**Your assignment:**
An exact copy of the entries below is required, with all pictures removed.

**Source data:**
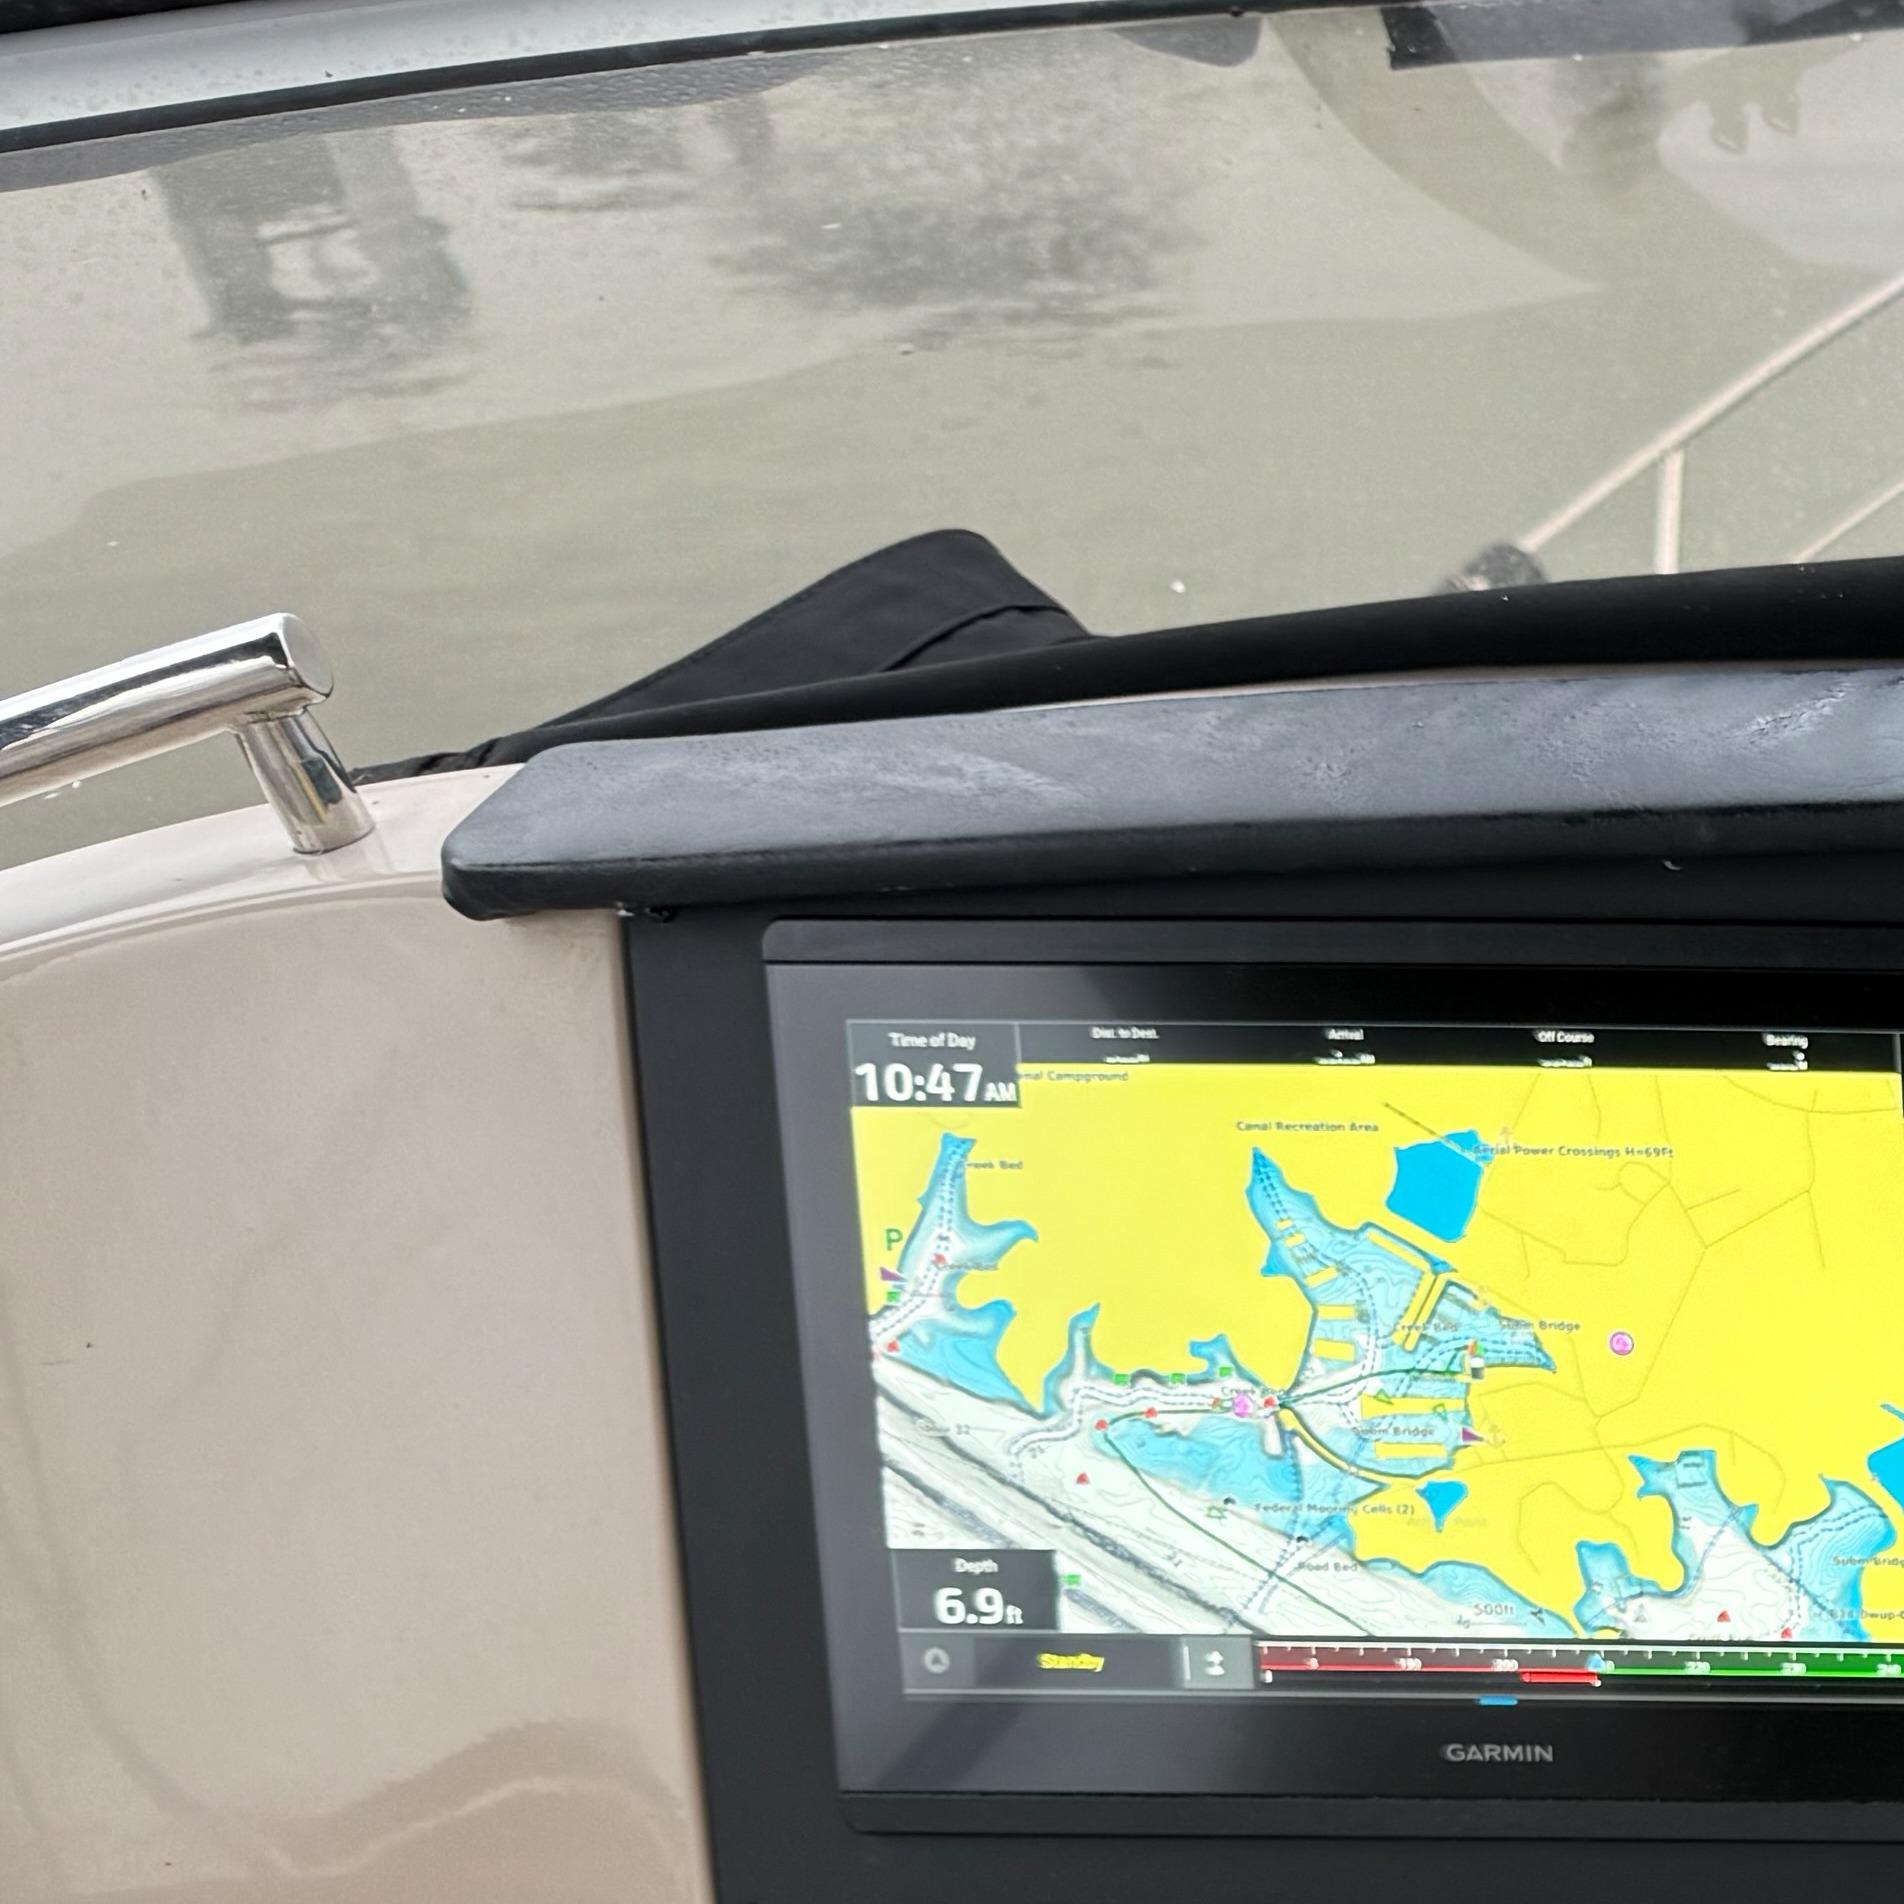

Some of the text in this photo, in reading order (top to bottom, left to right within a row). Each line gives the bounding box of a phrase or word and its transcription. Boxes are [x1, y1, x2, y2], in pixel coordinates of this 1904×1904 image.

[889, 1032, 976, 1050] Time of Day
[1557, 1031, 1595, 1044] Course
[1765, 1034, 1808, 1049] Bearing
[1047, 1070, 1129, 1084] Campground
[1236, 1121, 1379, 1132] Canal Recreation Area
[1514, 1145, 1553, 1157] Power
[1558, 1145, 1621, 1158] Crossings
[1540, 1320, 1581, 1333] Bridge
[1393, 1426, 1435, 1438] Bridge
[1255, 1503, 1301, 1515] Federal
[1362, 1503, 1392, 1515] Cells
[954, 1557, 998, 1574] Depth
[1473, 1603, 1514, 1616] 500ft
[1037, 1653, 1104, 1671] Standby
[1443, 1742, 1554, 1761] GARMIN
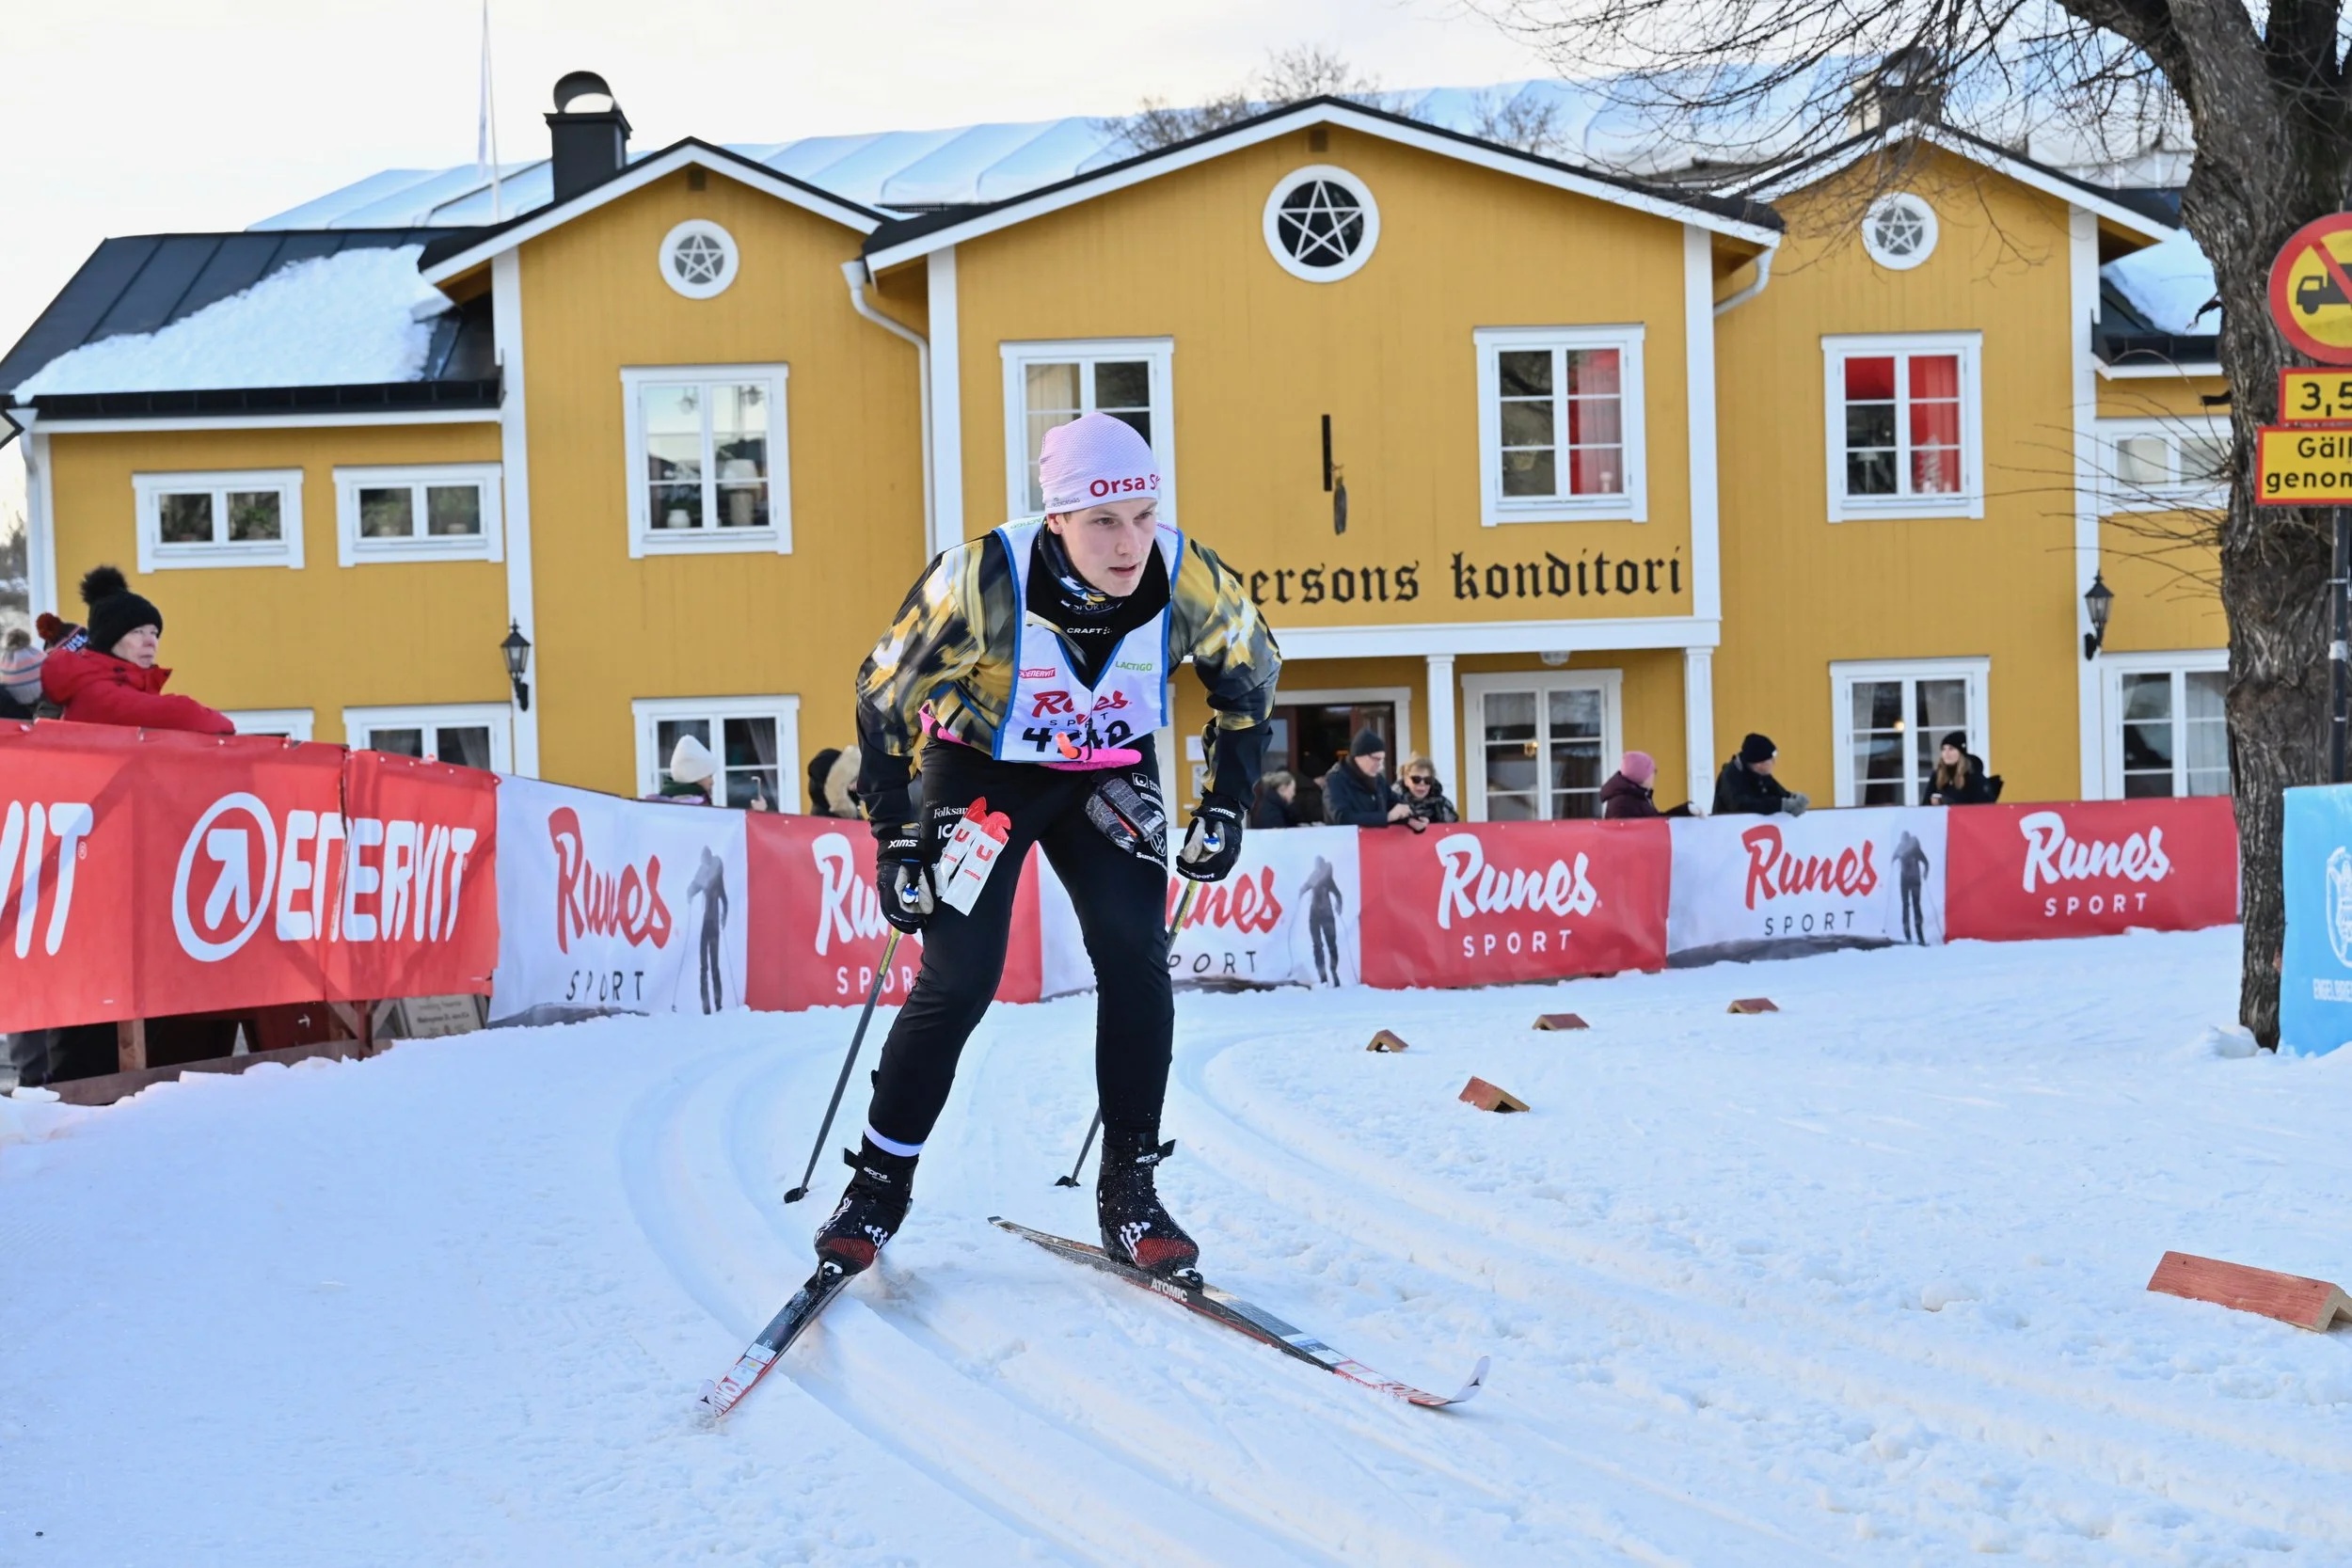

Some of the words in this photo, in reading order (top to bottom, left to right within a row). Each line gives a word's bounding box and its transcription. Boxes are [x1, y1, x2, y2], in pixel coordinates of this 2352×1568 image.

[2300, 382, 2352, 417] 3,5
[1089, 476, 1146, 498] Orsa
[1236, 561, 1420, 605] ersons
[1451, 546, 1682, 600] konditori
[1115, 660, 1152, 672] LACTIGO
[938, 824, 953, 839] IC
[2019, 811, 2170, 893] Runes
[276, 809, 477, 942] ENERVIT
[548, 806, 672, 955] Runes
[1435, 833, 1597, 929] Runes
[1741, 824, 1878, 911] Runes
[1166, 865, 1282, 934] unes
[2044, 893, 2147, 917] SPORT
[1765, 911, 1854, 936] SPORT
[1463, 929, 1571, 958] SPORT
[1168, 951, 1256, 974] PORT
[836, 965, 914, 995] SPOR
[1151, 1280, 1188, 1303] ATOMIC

**Response to the exercise:**
Some of the text in this photo, in reading order (top to bottom, left to right within a row). Each line gives the bounding box of a phrase or word and its transcription. Boxes are [x1, y1, x2, y2], in pixel coordinates of this 1904×1904 image.

[889, 1032, 976, 1050] Time of Day
[1557, 1031, 1595, 1044] Course
[1765, 1034, 1808, 1049] Bearing
[1047, 1070, 1129, 1084] Campground
[1236, 1121, 1379, 1132] Canal Recreation Area
[1514, 1145, 1553, 1157] Power
[1558, 1145, 1621, 1158] Crossings
[1540, 1320, 1581, 1333] Bridge
[1393, 1426, 1435, 1438] Bridge
[1255, 1503, 1301, 1515] Federal
[1362, 1503, 1392, 1515] Cells
[954, 1557, 998, 1574] Depth
[1473, 1603, 1514, 1616] 500ft
[1037, 1653, 1104, 1671] Standby
[1443, 1742, 1554, 1761] GARMIN

Some of the words in this photo, in reading order (top to bottom, left to right within a row). Each line gives a word's bounding box and its transcription. Boxes are [x1, y1, x2, y2], in pixel coordinates of this 2352×1568 image.

[2300, 382, 2352, 417] 3,5
[1089, 476, 1146, 498] Orsa
[1236, 561, 1420, 605] ersons
[1451, 546, 1682, 600] konditori
[1115, 660, 1152, 672] LACTIGO
[938, 824, 953, 839] IC
[2019, 811, 2170, 893] Runes
[276, 809, 477, 942] ENERVIT
[548, 806, 672, 955] Runes
[1435, 833, 1597, 929] Runes
[1741, 824, 1878, 911] Runes
[1166, 865, 1282, 934] unes
[2044, 893, 2147, 917] SPORT
[1765, 911, 1854, 936] SPORT
[1463, 929, 1571, 958] SPORT
[1168, 951, 1256, 974] PORT
[836, 965, 914, 995] SPOR
[1151, 1280, 1188, 1303] ATOMIC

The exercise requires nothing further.